RIM shares were down more than 20% Friday morning and have fallen 50% so far this year. The stock has now lost 75% in the past three years, a grim performance that has many observers wondering if RIM is going the way of Palm or Motorola, other handset makers who missed a product cycle (or 2) and saw their market share and relevance decline precipitously. RIMM isn't terminal yet, it still maintains a loyal corporate customer base, but its North American market share fell to 16.5% in the first quarter from 41.3% a year earlier, according to Gartner.

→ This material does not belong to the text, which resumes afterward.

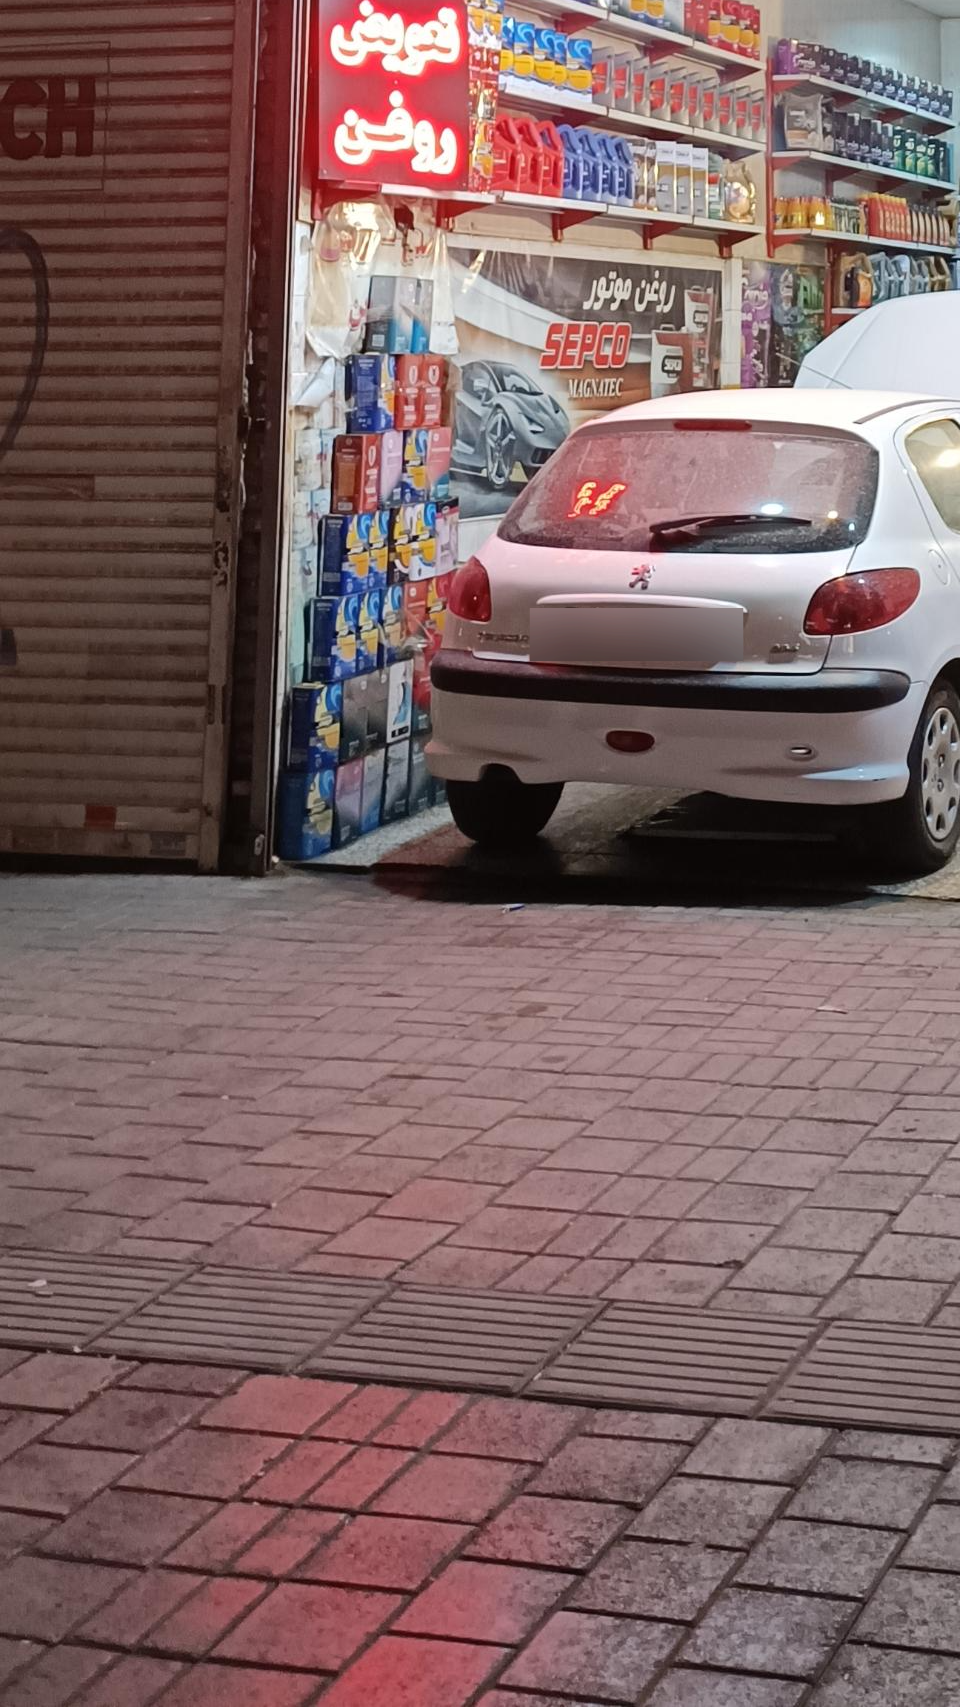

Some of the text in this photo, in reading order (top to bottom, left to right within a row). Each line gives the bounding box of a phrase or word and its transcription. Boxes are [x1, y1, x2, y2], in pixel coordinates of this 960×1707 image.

"We've seen this movie before (Motorola, Nokia, Sony-Ericsson, LG, Palm) the history of wireless is littered with OEMs that had significant product/cycle share gains, but then missed structural market shifts," writes Citigroup analyst Jim Suva, who cut the stock to sell from hold today. "Bottom line, we believe RIM has no short-term fixes to improve product portfolio, brand perception, to reinvigorate share gains, revenue growth, and profitability." (Barron's Tiernen Ray catalogs the sell-side's reaction to RIM's quarter, featuring six downgrades so far.)

The company has a new operating system (QNX) and said it shipped a higher-than-expected 500,000 units of its PlayBook tablet in the first quarter, but the product has been poorly reviewed, the Blackberry line has become stale (and uncool) and there's little evidence that co-CEOs Balsillie and Mike Lazaridis have a plan in place to stem the decline.

The real problem for RIM is that it appears to have lost the consumer market to Apple and Android, which are in turn threatening RIM's once-dominant position in the enterprise space. Corporations are increasingly allowing employees to choose their own hardware, which is bad news for RIM, which hasn't introduced a major new Blackberry since last August.

As Henry Blodget and I discuss in the accompanying video, mobile devices are now platforms, which wasn't the case in the early 2000s when RIM successfully fended off a threat from Microsoft and Nokia. With apps becoming an increasingly important feature for users and the closed nature of (especially) Apple's iPhone, consumers are going to be less likely than ever to change platforms, putting even more pressure on RIM to right a ship that increasingly looks like its foundering.